● BRIEF:
Here is a listing. Reproduce it exactly.

══ TASK MATERIAL

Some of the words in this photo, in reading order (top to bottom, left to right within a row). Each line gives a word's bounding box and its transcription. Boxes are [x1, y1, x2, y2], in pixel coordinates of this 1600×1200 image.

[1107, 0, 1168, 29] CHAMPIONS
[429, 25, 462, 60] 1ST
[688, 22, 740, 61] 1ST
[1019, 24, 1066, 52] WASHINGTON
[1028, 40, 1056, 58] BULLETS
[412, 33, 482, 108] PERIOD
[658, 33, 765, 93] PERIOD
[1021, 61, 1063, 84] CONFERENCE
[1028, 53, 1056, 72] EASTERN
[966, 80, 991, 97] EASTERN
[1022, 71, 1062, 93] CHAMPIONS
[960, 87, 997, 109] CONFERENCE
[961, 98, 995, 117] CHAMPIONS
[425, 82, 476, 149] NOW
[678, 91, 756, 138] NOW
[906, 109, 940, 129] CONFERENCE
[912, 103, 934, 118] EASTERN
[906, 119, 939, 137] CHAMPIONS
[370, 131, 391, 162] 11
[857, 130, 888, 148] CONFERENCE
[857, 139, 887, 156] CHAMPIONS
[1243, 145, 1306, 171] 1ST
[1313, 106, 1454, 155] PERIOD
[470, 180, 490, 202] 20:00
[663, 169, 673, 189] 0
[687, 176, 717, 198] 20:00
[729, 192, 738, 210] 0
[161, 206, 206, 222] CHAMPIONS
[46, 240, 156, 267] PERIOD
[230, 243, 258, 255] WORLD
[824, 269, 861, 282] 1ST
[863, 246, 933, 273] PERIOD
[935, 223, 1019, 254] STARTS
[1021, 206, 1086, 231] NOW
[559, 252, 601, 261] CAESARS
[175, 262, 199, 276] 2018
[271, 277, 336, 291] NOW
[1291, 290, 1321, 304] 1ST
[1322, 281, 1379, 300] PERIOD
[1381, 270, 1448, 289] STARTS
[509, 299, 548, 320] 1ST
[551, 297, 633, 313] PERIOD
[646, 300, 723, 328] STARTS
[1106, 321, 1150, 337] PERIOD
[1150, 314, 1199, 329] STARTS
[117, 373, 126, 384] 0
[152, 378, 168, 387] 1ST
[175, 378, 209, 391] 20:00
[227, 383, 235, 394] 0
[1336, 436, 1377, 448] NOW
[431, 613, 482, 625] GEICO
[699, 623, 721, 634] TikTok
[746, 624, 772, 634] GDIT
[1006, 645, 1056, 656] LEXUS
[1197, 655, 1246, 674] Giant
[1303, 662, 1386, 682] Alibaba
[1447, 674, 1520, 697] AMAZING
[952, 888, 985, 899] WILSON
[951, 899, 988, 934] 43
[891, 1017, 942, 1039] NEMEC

════

● SOLVED PROBLEM:
Some of the words in this photo, in reading order (top to bottom, left to right within a row). Each line gives a word's bounding box and its transcription. Boxes are [x1, y1, x2, y2], in pixel coordinates of this 1600×1200 image.

[1107, 0, 1168, 29] CHAMPIONS
[429, 25, 462, 60] 1ST
[688, 22, 740, 61] 1ST
[1019, 24, 1066, 52] WASHINGTON
[1028, 40, 1056, 58] BULLETS
[412, 33, 482, 108] PERIOD
[658, 33, 765, 93] PERIOD
[1021, 61, 1063, 84] CONFERENCE
[1028, 53, 1056, 72] EASTERN
[966, 80, 991, 97] EASTERN
[1022, 71, 1062, 93] CHAMPIONS
[960, 87, 997, 109] CONFERENCE
[961, 98, 995, 117] CHAMPIONS
[425, 82, 476, 149] NOW
[678, 91, 756, 138] NOW
[906, 109, 940, 129] CONFERENCE
[912, 103, 934, 118] EASTERN
[906, 119, 939, 137] CHAMPIONS
[370, 131, 391, 162] 11
[857, 130, 888, 148] CONFERENCE
[857, 139, 887, 156] CHAMPIONS
[1243, 145, 1306, 171] 1ST
[1313, 106, 1454, 155] PERIOD
[470, 180, 490, 202] 20:00
[663, 169, 673, 189] 0
[687, 176, 717, 198] 20:00
[729, 192, 738, 210] 0
[161, 206, 206, 222] CHAMPIONS
[46, 240, 156, 267] PERIOD
[230, 243, 258, 255] WORLD
[824, 269, 861, 282] 1ST
[863, 246, 933, 273] PERIOD
[935, 223, 1019, 254] STARTS
[1021, 206, 1086, 231] NOW
[559, 252, 601, 261] CAESARS
[175, 262, 199, 276] 2018
[271, 277, 336, 291] NOW
[1291, 290, 1321, 304] 1ST
[1322, 281, 1379, 300] PERIOD
[1381, 270, 1448, 289] STARTS
[509, 299, 548, 320] 1ST
[551, 297, 633, 313] PERIOD
[646, 300, 723, 328] STARTS
[1106, 321, 1150, 337] PERIOD
[1150, 314, 1199, 329] STARTS
[117, 373, 126, 384] 0
[152, 378, 168, 387] 1ST
[175, 378, 209, 391] 20:00
[227, 383, 235, 394] 0
[1336, 436, 1377, 448] NOW
[431, 613, 482, 625] GEICO
[699, 623, 721, 634] TikTok
[746, 624, 772, 634] GDIT
[1006, 645, 1056, 656] LEXUS
[1197, 655, 1246, 674] Giant
[1303, 662, 1386, 682] Alibaba
[1447, 674, 1520, 697] AMAZING
[952, 888, 985, 899] WILSON
[951, 899, 988, 934] 43
[891, 1017, 942, 1039] NEMEC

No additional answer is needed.